Le casting est d’une diversité rafraîchissante, avec un sentiment naturel discret, presque décontracté, que c’est juste le monde dans lequel vivent ces personnages. Chaque personnage de soutien est à l’aise avec qui il est, et ils ne sentent pas qu’ils doivent couper leurs accents ou autrement  » se fondre. » Cela devient un point d’intrigue délicatement géré lorsqu’Alex interagit avec un journaliste hispanique, toujours à la recherche d’un avantage. On le voit bien dans la façon dont le journaliste s’adresse à Alex en espagnol pour assumer une sorte de parenté et d’intimité qu’Alex pare mal à l’aise. Le toujours formidable Collins en tant qu’Oscar a une belle scène montrant à son fils qu’il soutient son amour pour Henry. Oscar fait brièvement référence aux défis auxquels lui et Ellen ont été confrontés, ce qui implique que le fait de venir de cultures différentes rendait les gens sceptiques quant à leur avenir.

Ces petites touches soignées donnent de la texture à ce qui pourrait autrement être un film de style Hallmark brillant mais fade, et l’expérience de López dans le théâtre musical lui donne une bonne idée du rythme de la narration. Une scène de fête du Nouvel An est montée avec esprit et style par Kristina Hetherington et Nick Moore. Et une scène où le couple toujours antagoniste est coincé dans un placard littéral est juste le bon mélange d’inconfort claustrophobe, une prise de conscience croissante de leur attirance et, plus surprenant encore, de leur respect mutuel.

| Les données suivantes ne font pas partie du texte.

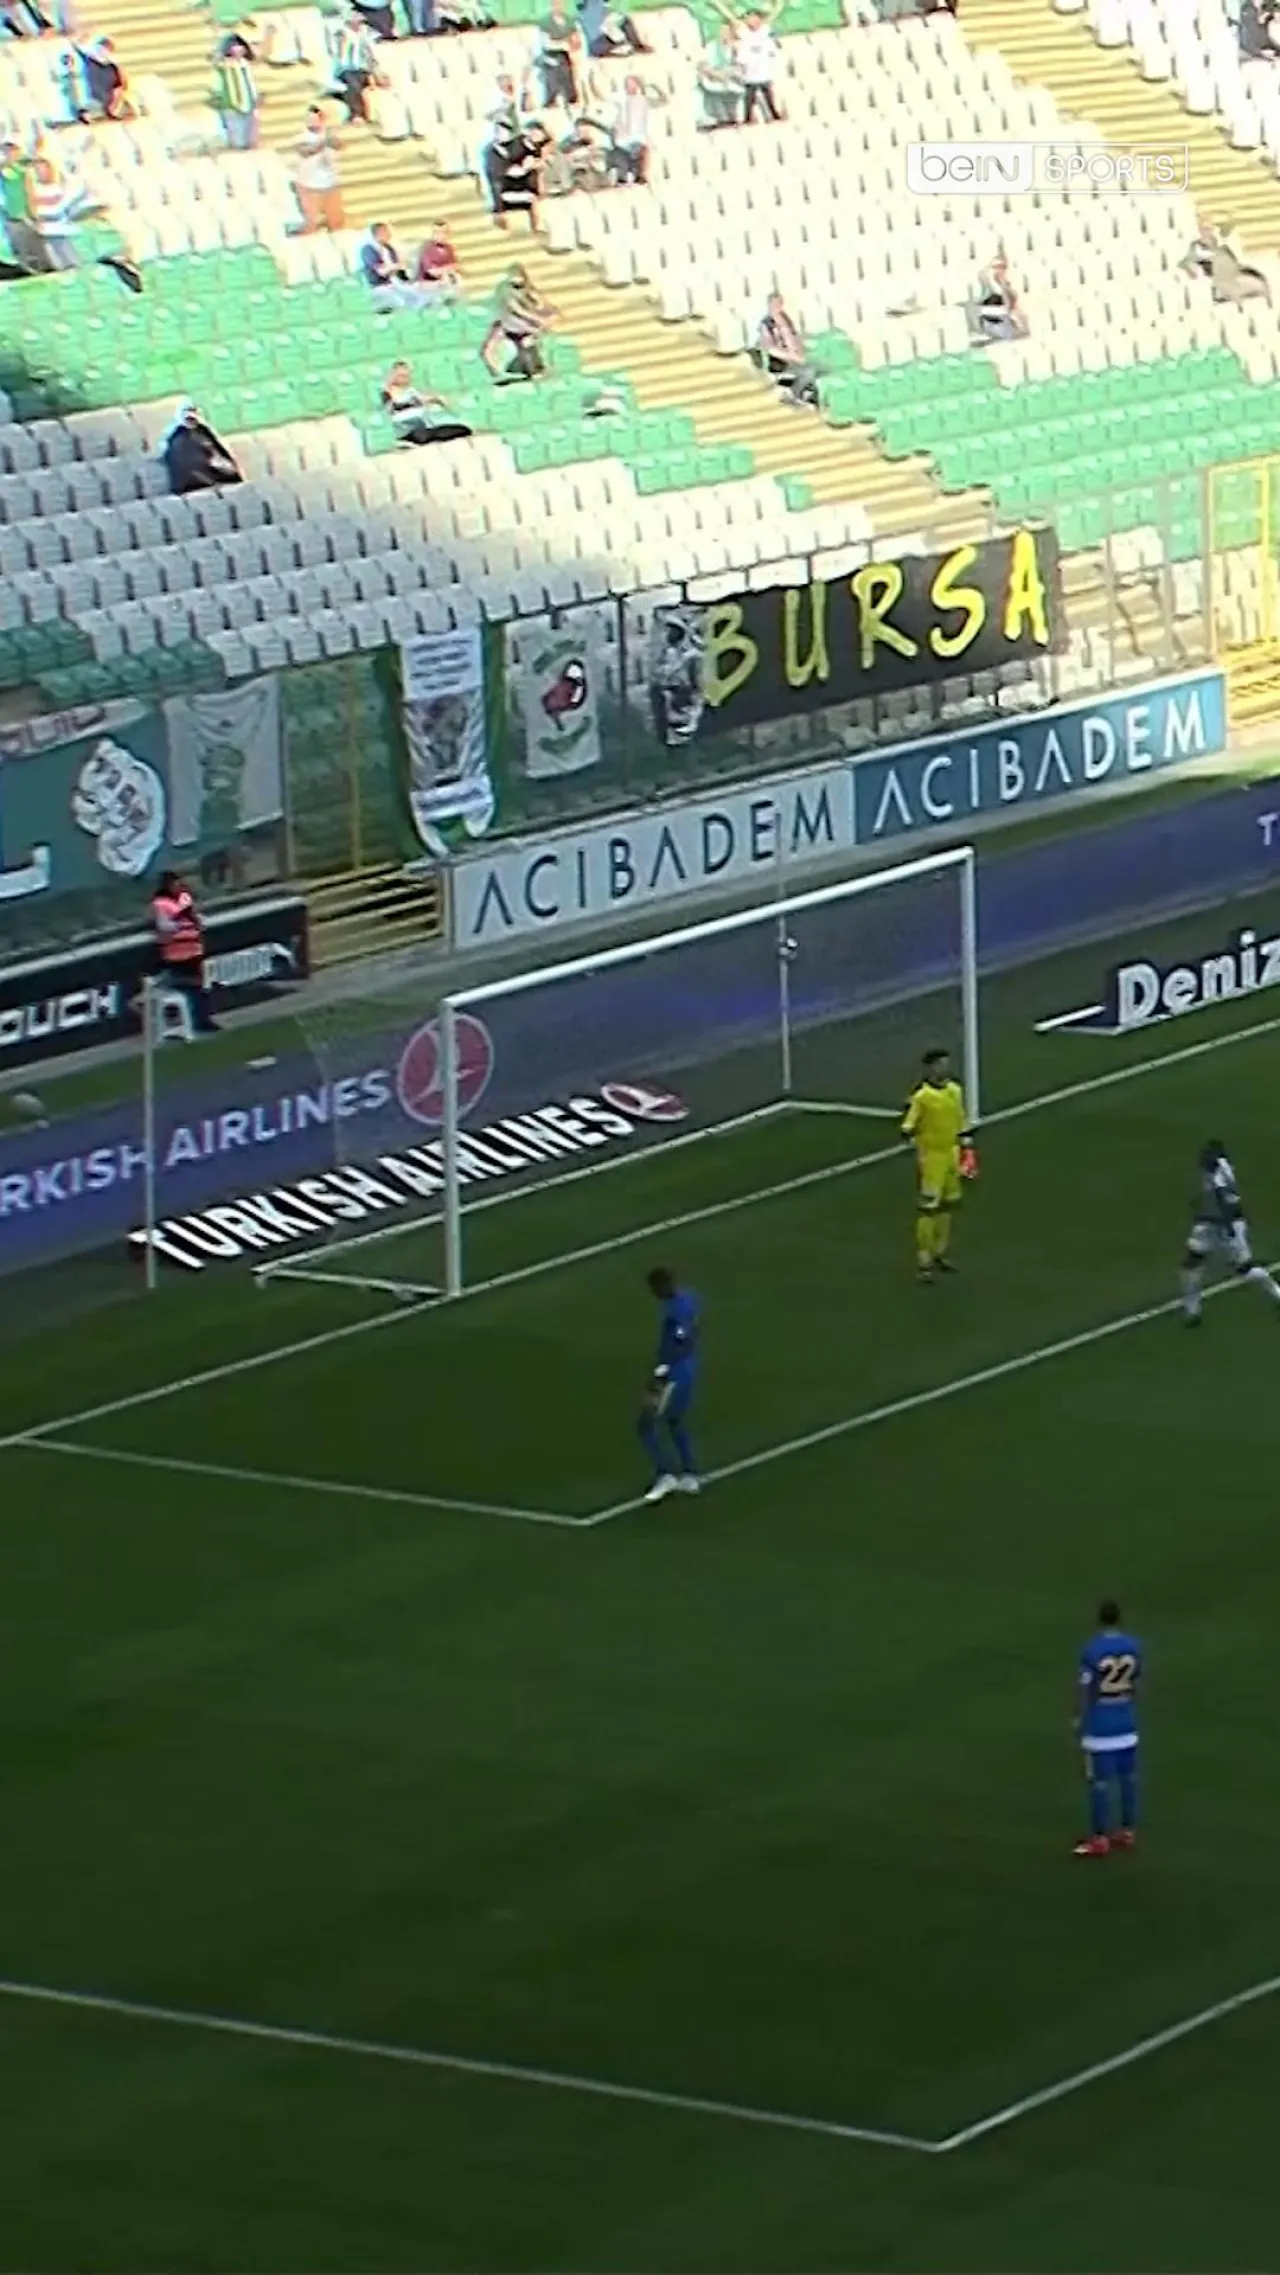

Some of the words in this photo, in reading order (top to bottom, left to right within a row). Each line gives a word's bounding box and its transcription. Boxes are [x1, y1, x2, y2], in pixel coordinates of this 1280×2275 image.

De manière impressionnante, le film permet à ses personnages de diversité raciale, culturelle et nationale de contourner le changement de code que les personnages réels et fictifs font souvent pour rendre les autres plus à l’aise autour d’eux. Dans cet esprit, il accorde à Alex et Henry la franchise de décrire leur relation, y compris leur relation sexuelle, qui est explicite mais dépeinte dans le respect de son intimité croissante. Alex est bisexuel. Henri est gay. Ils ont tous les deux du mal avec ce que cela signifie pour leurs familles très publiques, mais ils savent qui ils sont, et quand ils se laissent faire, ils savent ce qu’ils souhaitent pour leur vie de couple.

Pourtant, c’est un conte de fées, il y a donc des intrigues qui sont tout simplement trop pratiques. Mais la douceur chatoyante entre Perez et Galitzine soutient la suspension très volontaire de l’incrédulité, et c’est ce qu’est le bonheur pour toujours.